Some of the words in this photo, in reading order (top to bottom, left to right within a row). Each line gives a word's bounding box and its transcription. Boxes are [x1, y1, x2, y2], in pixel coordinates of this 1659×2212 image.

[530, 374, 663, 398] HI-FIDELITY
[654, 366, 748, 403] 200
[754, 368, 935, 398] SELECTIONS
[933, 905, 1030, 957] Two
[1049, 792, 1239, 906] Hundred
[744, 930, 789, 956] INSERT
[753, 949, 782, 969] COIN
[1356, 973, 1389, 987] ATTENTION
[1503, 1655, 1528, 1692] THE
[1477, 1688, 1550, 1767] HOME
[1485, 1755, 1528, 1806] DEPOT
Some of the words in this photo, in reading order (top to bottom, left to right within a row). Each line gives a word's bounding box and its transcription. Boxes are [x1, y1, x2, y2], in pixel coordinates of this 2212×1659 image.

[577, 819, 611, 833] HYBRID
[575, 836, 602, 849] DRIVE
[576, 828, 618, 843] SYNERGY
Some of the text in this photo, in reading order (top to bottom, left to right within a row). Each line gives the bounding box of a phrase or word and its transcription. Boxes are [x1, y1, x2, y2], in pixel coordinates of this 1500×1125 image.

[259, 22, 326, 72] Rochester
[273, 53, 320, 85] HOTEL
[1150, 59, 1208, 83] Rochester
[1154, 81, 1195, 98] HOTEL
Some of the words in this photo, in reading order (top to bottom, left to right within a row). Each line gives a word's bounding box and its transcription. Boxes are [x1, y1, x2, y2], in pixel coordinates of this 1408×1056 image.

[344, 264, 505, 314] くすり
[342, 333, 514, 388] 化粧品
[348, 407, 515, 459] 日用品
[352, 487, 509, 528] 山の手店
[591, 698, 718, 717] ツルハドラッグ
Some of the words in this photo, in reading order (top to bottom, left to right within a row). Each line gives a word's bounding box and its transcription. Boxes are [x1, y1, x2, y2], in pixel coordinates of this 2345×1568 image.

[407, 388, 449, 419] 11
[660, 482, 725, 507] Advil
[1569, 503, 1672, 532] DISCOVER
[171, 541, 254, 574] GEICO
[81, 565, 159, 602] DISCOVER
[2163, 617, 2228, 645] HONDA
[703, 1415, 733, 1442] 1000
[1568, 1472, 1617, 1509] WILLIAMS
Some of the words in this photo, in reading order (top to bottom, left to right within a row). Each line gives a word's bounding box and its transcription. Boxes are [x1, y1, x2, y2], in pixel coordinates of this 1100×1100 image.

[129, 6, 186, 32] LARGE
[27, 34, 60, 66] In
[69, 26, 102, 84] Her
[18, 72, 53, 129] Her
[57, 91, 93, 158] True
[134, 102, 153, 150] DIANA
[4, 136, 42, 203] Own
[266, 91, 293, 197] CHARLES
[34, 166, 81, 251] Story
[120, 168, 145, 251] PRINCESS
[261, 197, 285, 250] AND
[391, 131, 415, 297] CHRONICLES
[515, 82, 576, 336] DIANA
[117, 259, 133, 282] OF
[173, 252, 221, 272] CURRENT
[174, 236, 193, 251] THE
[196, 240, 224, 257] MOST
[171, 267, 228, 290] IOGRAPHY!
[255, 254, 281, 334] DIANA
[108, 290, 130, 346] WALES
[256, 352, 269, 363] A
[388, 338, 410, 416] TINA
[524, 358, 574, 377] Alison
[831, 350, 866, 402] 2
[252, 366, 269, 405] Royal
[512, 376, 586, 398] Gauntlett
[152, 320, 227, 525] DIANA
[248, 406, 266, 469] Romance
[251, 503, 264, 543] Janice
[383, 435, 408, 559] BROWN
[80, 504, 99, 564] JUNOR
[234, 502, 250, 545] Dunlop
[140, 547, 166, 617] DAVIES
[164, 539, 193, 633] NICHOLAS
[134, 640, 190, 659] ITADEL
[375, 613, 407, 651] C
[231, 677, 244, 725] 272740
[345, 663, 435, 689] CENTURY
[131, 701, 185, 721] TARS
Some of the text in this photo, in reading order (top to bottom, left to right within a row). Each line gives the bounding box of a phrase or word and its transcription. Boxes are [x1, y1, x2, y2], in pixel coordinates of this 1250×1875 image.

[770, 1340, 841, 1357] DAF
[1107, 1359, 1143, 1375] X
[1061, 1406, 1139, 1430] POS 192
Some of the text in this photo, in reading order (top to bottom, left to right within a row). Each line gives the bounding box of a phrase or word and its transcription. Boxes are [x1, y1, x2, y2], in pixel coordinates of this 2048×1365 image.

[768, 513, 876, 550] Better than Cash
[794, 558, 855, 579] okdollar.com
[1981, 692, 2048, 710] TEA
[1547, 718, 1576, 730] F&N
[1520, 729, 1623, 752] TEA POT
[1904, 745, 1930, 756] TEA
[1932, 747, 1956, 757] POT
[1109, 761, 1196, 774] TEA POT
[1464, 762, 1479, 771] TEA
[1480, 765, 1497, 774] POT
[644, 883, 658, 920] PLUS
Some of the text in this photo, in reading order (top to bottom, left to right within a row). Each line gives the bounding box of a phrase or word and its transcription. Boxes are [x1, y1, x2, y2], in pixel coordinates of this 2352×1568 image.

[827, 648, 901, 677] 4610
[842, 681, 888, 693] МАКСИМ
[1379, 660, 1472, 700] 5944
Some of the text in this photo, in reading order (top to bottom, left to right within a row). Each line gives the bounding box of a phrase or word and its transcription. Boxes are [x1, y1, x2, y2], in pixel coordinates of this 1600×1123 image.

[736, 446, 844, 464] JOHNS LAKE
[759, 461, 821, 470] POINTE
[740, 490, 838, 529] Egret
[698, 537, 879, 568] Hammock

········

Required work: The full listing above is to be retyped exactly.

Written response:
Some of the words in this photo, in reading order (top to bottom, left to right within a row). Each line gives a word's bounding box and its transcription. Boxes are [x1, y1, x2, y2], in pixel coordinates of this 1659×2212 image.

[530, 374, 663, 398] HI-FIDELITY
[654, 366, 748, 403] 200
[754, 368, 935, 398] SELECTIONS
[933, 905, 1030, 957] Two
[1049, 792, 1239, 906] Hundred
[744, 930, 789, 956] INSERT
[753, 949, 782, 969] COIN
[1356, 973, 1389, 987] ATTENTION
[1503, 1655, 1528, 1692] THE
[1477, 1688, 1550, 1767] HOME
[1485, 1755, 1528, 1806] DEPOT
Some of the words in this photo, in reading order (top to bottom, left to right within a row). Each line gives a word's bounding box and its transcription. Boxes are [x1, y1, x2, y2], in pixel coordinates of this 2212×1659 image.

[577, 819, 611, 833] HYBRID
[575, 836, 602, 849] DRIVE
[576, 828, 618, 843] SYNERGY
Some of the text in this photo, in reading order (top to bottom, left to right within a row). Each line gives the bounding box of a phrase or word and its transcription. Boxes are [x1, y1, x2, y2], in pixel coordinates of this 1500×1125 image.

[259, 22, 326, 72] Rochester
[273, 53, 320, 85] HOTEL
[1150, 59, 1208, 83] Rochester
[1154, 81, 1195, 98] HOTEL
Some of the words in this photo, in reading order (top to bottom, left to right within a row). Each line gives a word's bounding box and its transcription. Boxes are [x1, y1, x2, y2], in pixel coordinates of this 1408×1056 image.

[344, 264, 505, 314] くすり
[342, 333, 514, 388] 化粧品
[348, 407, 515, 459] 日用品
[352, 487, 509, 528] 山の手店
[591, 698, 718, 717] ツルハドラッグ
Some of the words in this photo, in reading order (top to bottom, left to right within a row). Each line gives a word's bounding box and its transcription. Boxes are [x1, y1, x2, y2], in pixel coordinates of this 2345×1568 image.

[407, 388, 449, 419] 11
[660, 482, 725, 507] Advil
[1569, 503, 1672, 532] DISCOVER
[171, 541, 254, 574] GEICO
[81, 565, 159, 602] DISCOVER
[2163, 617, 2228, 645] HONDA
[703, 1415, 733, 1442] 1000
[1568, 1472, 1617, 1509] WILLIAMS
Some of the words in this photo, in reading order (top to bottom, left to right within a row). Each line gives a word's bounding box and its transcription. Boxes are [x1, y1, x2, y2], in pixel coordinates of this 1100×1100 image.

[129, 6, 186, 32] LARGE
[27, 34, 60, 66] In
[69, 26, 102, 84] Her
[18, 72, 53, 129] Her
[57, 91, 93, 158] True
[134, 102, 153, 150] DIANA
[4, 136, 42, 203] Own
[266, 91, 293, 197] CHARLES
[34, 166, 81, 251] Story
[120, 168, 145, 251] PRINCESS
[261, 197, 285, 250] AND
[391, 131, 415, 297] CHRONICLES
[515, 82, 576, 336] DIANA
[117, 259, 133, 282] OF
[173, 252, 221, 272] CURRENT
[174, 236, 193, 251] THE
[196, 240, 224, 257] MOST
[171, 267, 228, 290] IOGRAPHY!
[255, 254, 281, 334] DIANA
[108, 290, 130, 346] WALES
[256, 352, 269, 363] A
[388, 338, 410, 416] TINA
[524, 358, 574, 377] Alison
[831, 350, 866, 402] 2
[252, 366, 269, 405] Royal
[512, 376, 586, 398] Gauntlett
[152, 320, 227, 525] DIANA
[248, 406, 266, 469] Romance
[251, 503, 264, 543] Janice
[383, 435, 408, 559] BROWN
[80, 504, 99, 564] JUNOR
[234, 502, 250, 545] Dunlop
[140, 547, 166, 617] DAVIES
[164, 539, 193, 633] NICHOLAS
[134, 640, 190, 659] ITADEL
[375, 613, 407, 651] C
[231, 677, 244, 725] 272740
[345, 663, 435, 689] CENTURY
[131, 701, 185, 721] TARS
Some of the text in this photo, in reading order (top to bottom, left to right within a row). Each line gives the bounding box of a phrase or word and its transcription. Boxes are [x1, y1, x2, y2], in pixel coordinates of this 1250×1875 image.

[770, 1340, 841, 1357] DAF
[1107, 1359, 1143, 1375] X
[1061, 1406, 1139, 1430] POS 192
Some of the text in this photo, in reading order (top to bottom, left to right within a row). Each line gives the bounding box of a phrase or word and its transcription. Boxes are [x1, y1, x2, y2], in pixel coordinates of this 2048×1365 image.

[768, 513, 876, 550] Better than Cash
[794, 558, 855, 579] okdollar.com
[1981, 692, 2048, 710] TEA
[1547, 718, 1576, 730] F&N
[1520, 729, 1623, 752] TEA POT
[1904, 745, 1930, 756] TEA
[1932, 747, 1956, 757] POT
[1109, 761, 1196, 774] TEA POT
[1464, 762, 1479, 771] TEA
[1480, 765, 1497, 774] POT
[644, 883, 658, 920] PLUS
Some of the text in this photo, in reading order (top to bottom, left to right within a row). Each line gives the bounding box of a phrase or word and its transcription. Boxes are [x1, y1, x2, y2], in pixel coordinates of this 2352×1568 image.

[827, 648, 901, 677] 4610
[842, 681, 888, 693] МАКСИМ
[1379, 660, 1472, 700] 5944
Some of the text in this photo, in reading order (top to bottom, left to right within a row). Each line gives the bounding box of a phrase or word and its transcription. Boxes are [x1, y1, x2, y2], in pixel coordinates of this 1600×1123 image.

[736, 446, 844, 464] JOHNS LAKE
[759, 461, 821, 470] POINTE
[740, 490, 838, 529] Egret
[698, 537, 879, 568] Hammock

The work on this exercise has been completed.